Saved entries
○ ○ ○
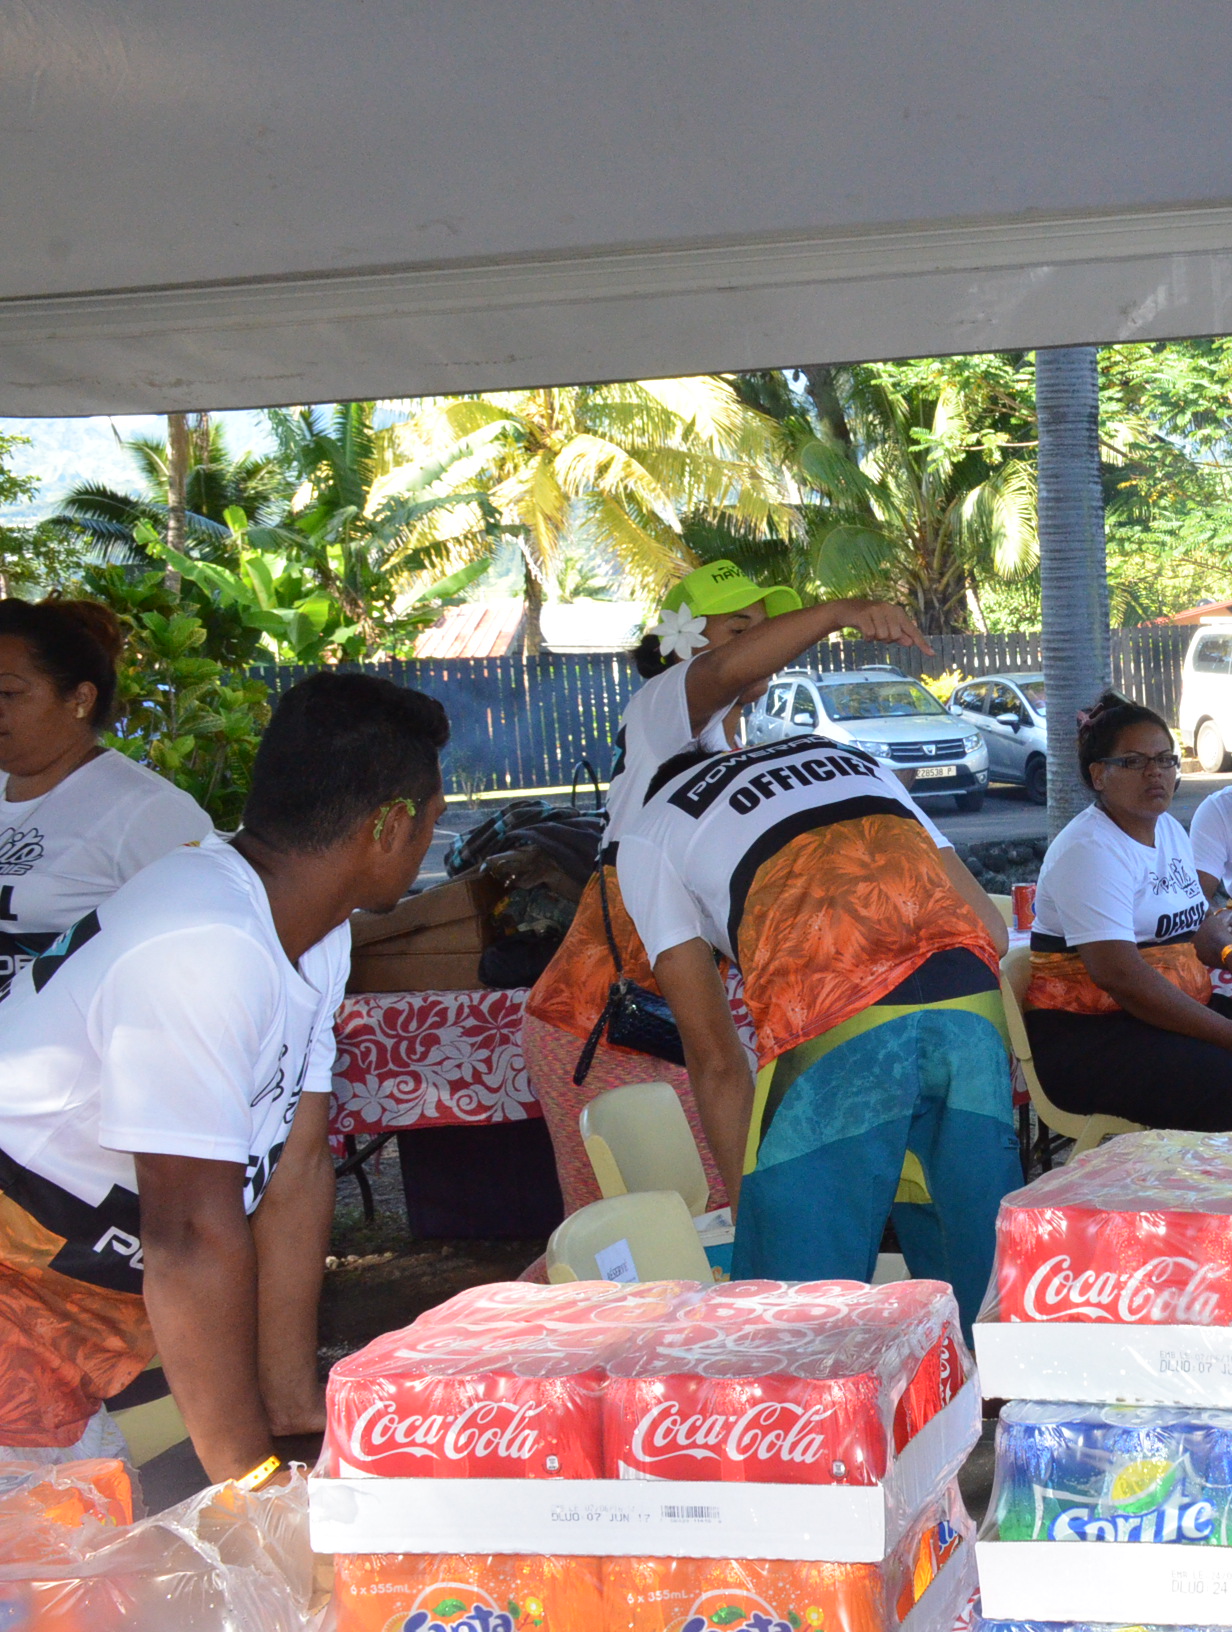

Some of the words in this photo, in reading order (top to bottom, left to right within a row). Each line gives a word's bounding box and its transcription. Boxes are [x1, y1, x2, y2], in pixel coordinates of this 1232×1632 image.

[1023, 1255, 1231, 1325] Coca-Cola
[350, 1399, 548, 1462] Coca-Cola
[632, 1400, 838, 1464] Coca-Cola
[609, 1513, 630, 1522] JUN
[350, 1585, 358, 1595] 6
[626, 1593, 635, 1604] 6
○ ○ ○
ASSIGNED TASK: Print every entry verbatim and leave all pictures out.

FINAL ANSWER:
Some of the words in this photo, in reading order (top to bottom, left to right within a row). Each line gives a word's bounding box and its transcription. Boxes are [x1, y1, x2, y2], in pixel coordinates of this 1232×1632 image.

[1023, 1255, 1231, 1325] Coca-Cola
[350, 1399, 548, 1462] Coca-Cola
[632, 1400, 838, 1464] Coca-Cola
[609, 1513, 630, 1522] JUN
[350, 1585, 358, 1595] 6
[626, 1593, 635, 1604] 6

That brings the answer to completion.